Pourquoi on trouve le film digne d’intérêt ?
Du roman éponyme de Martin Amis, dont on vient d’apprendre le décès, Jonathan Glazer n’a gardé que le titre et le cadre – la “zone d’intérêt” étant les 40 km² de terrain autour du camp de concentration. Ce qui a intéressé le cinéaste britannique, c’est l’idée de ne jamais rien montrer de l’horreur qui se joue en arrière-plan. Ceci renforce le décalage entre ce qui est présenté à l’écran – des vues paisibles d’un intérieur bourgeois, des scènes de la vie familiales anodines – et ce que l’on ressent en tant que spectateur, avec notre vécu et notre connaissance du sujet ou du moins ce que l’on est supposé en connaître grâce aux cours d’Histoire, aux livres, documentaires et films abordant le sujet, aux témoignage des survivants, au musée dédié à la mémoire des millions de victimes de la barbarie nazie. Et si certaines personnes ne savent pas ce qui s’est produit là-bas, entre 1940 et 1945, cela rend plus que jamais nécessaire le besoin de documenter cette page sombre de l’Histoire de l’humanité.
Sans repères, sans indices, on pourrait croire à un banal film de famille, avec des images bien léchées, semblant tout droit issues d’un catalogue de décoration d’intérieur. Mais il y a justement des indices visuels et sonores : l’ombre des miradors, les fils de fer barbelés, les uniformes de SS, les vêtements que Hedwig distribue “généreusement” à ses amis, probablement dérobés aux Juifs assassinés à quelques mètres plus loin, la fumée qui s’échappe continuellement de l’immense cheminée en arrière-plan, et qui semble se mêler aux volutes des cigares fumés par Rudolf Höss, les chants des oiseaux se mêlent aux bruits de mitraillettes, aux hurlements, au grondement permanent du four crématoire. Quand des cris retentissent, on ne parvient jamais à identifier s’il s’agit de ceux des enfants Höss en train de chahuter ou ceux de victimes torturées par les soldats.
Les habitants de la maison semblent des gens tout à fait ordinaires, même si certains comportements rappellent que l’on est bien chez des bourreaux : Mutter peut se montrer tyrannique avec les domestiques ou avec les enfants, qui font également froid dans le dos, quand ils s’amusent avec leurs petits soldats, prêts à dominer le monde comme Vater.

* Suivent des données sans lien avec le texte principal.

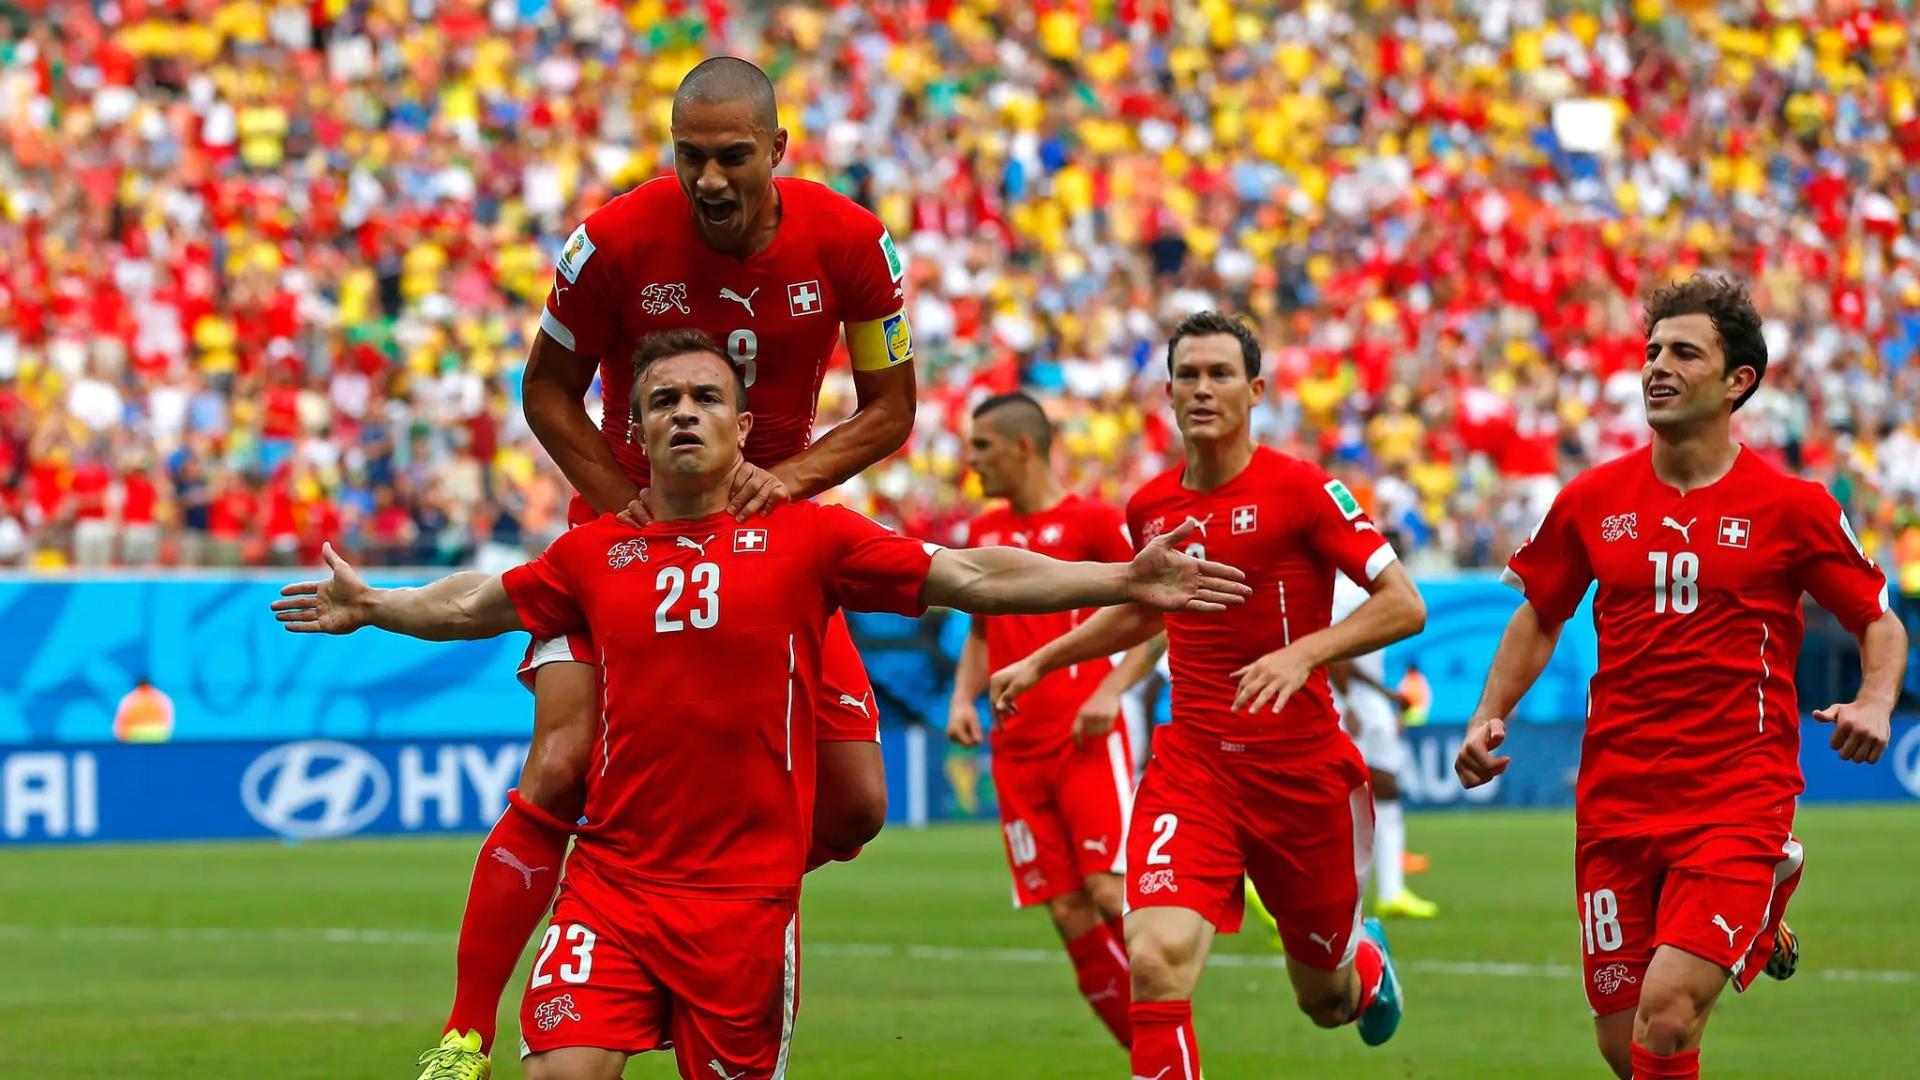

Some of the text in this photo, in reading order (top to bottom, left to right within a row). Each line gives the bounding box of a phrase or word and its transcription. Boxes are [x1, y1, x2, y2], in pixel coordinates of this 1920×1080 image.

Les images des réunions générales des directeurs de camps sont également effrayantes quand on sait ce qu’impliquent les petits détails techniques dont ils discutent. Là encore, rien n’est vraiment explicité. Ces colloques ressemblent à des réunions de travail assez classique, comme il s’en tient dans n’importe quelle entreprise industrielle. Les verbatims utilisés sont similaires : « efficacité opérationnelle », « rendement », « cadence », « logistique »… A la différence près qu’ils sont appliqués, ici, à une entreprise d’extermination massive d’êtres humains.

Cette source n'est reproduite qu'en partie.